Last week Doug Watford wrote a letter to the editor claiming
the left wants what he, Trump, and Fox News refer to as “open borders.”
Accustomed as I am to that silly claim, I would not respond but for an
adjective Mr. Watford used.
“Soidisant.” He referred to me as a “soidisant columnist.” That
is the first time in my 70 years I have come across that term. My computer’s
spell check underlines it in red, insisting it never heard of the strange word.
However, Goggle has. It’s a hyphenated French word
pronounced swade-zan(t), combining soi, meaning “self,” and disant, which means
“saying.” Self-saying.
Translated to English, the word conveys characteristics like
supposed, pretend, and pseudo. It’s an odd thesaurusistic find for a writer who
often resorts to soi-disant facts to argue his case.
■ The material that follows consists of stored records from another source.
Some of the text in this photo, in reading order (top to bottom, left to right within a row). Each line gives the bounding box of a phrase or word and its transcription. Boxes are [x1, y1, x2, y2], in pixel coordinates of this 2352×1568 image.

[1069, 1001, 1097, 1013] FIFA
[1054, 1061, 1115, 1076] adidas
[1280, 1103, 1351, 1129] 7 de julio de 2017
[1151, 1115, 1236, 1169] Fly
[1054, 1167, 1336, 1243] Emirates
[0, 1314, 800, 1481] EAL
More than not, I’d rather not respond to letters to the
editor. My time writing this weekly column would be a complete waste if, at
least now and then, folks like Mr. Watford did not feel compelled to respond. I
don’t want to do anything to discourage them.
Still I wonder, when conservatives can derive sufficient
numbers of fact-based criticisms from my columns, why do some of them make it
up?
It happens when we liberals advocate for Bible-based justice
for immigrants and refugees. The issue gets jammed up in the right-wing echo
chamber’s recycling machine driving the creation of alternative facts. It
begins when the President Tweets his proforma lies. Fox News reports his Tweets
as though they are true. Rush Limbaugh embellishes. People like Doug Watford
repeat them in letters to the editor. Thirty percent of America nods their
heads, “Yup.” The cycle is complete.
Trump and Watford attempt to convince people that liberals
support “open borders.” They want to convey a faux-image of liberals as
thoughtless do-gooders, willing to stand back and allow anyone and everyone to
come across our borders to commit crimes and acts of terror while taking your
job and living off the God-fearing, patriotic taxpayers of the USA.
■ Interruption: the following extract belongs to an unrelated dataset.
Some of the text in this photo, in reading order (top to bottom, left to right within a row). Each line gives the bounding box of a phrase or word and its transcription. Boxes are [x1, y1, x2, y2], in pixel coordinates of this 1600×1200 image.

In the post factual world created by the vast right-wing conspiracy,
that oftentimes works. Doug Watford’s recent letter is Exhibit A. Mr. Watford
deserves the benefit of the doubt. He’s a true believer. The problem with true
believers is that they often refuse to allow facts to get in the way of
opinion.
To support his claim, Mr. Watford cites an August 2018
column in which I discussed the theological underpinnings of the immigration
debate. My premise was that God was an open-borders sort of guy (sic). Borders
are a human creation.
I wrote, “God’s
earth became a Garden, providing everything humans needed. No borders; just the
earth…populated by the first humans for whom God had a vision of shared
reality. Borders are human constructs designed to thwart God’s will by
perpetuating economic, political, and social inequality.”
Human sin, I
wrote, created a world where borders are tools of exploitation. “Borders were created,” my column alleged, “to make sure
that the very best belonged to the powerful and the less powerful had the
leftovers. Borders became the means for dividing God’s creation between the
haves and have nots. Border were the means by which humans institutionalize
injustice and inequality.”
The
column acknowledged human sin won’t permit the kind of open borders God
intended. Liberals do not want open borders. They want what God asks in the
Bible, i.e. justice for the least of these.
Conservatives
like Mr. Watford don’t want to talk about the injustice of ripping children
from their families and housing them in prison camps. They don’t want to talk
about the race-based efforts of this president to break the law by denying
asylum to people whose lives are threatened by gangs and political violence
back home.
Their
views cannot weather a fact-based debate, which allows the battle to continue
without justice for immigrants and refugees. Conservatives are not simply
soi-disanters. They are purposely ignoring the facts to create the world they,
not God, want.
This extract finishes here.